__PROBLEM STATEMENT__. Go through the listing below and repeat it exactly, omitting each picture.

Start of GIVEN DATA

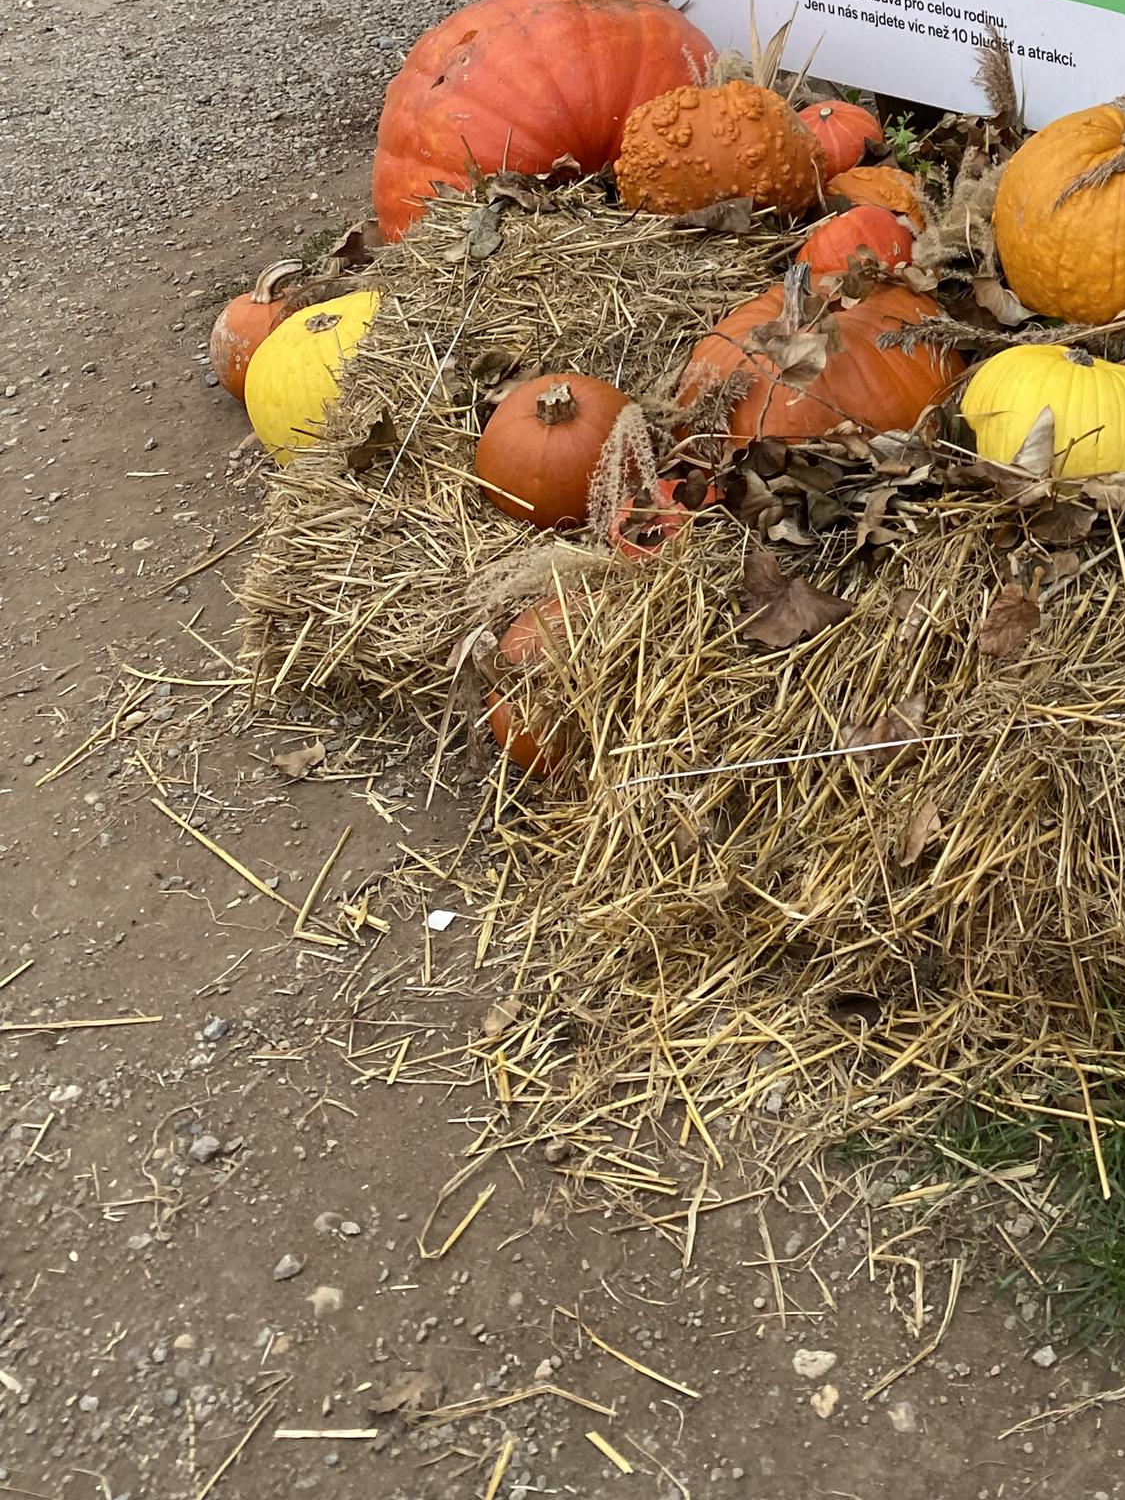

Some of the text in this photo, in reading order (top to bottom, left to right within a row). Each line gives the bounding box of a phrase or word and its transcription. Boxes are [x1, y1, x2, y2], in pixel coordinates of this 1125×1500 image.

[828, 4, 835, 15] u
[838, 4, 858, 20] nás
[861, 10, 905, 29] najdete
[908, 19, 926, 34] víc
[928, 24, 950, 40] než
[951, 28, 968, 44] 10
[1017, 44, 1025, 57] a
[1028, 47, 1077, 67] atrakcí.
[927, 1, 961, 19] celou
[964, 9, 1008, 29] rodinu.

End of GIVEN DATA

__PROBLEM SOLUTION__.
Some of the text in this photo, in reading order (top to bottom, left to right within a row). Each line gives the bounding box of a phrase or word and its transcription. Boxes are [x1, y1, x2, y2], in pixel coordinates of this 1125×1500 image.

[828, 4, 835, 15] u
[838, 4, 858, 20] nás
[861, 10, 905, 29] najdete
[908, 19, 926, 34] víc
[928, 24, 950, 40] než
[951, 28, 968, 44] 10
[1017, 44, 1025, 57] a
[1028, 47, 1077, 67] atrakcí.
[927, 1, 961, 19] celou
[964, 9, 1008, 29] rodinu.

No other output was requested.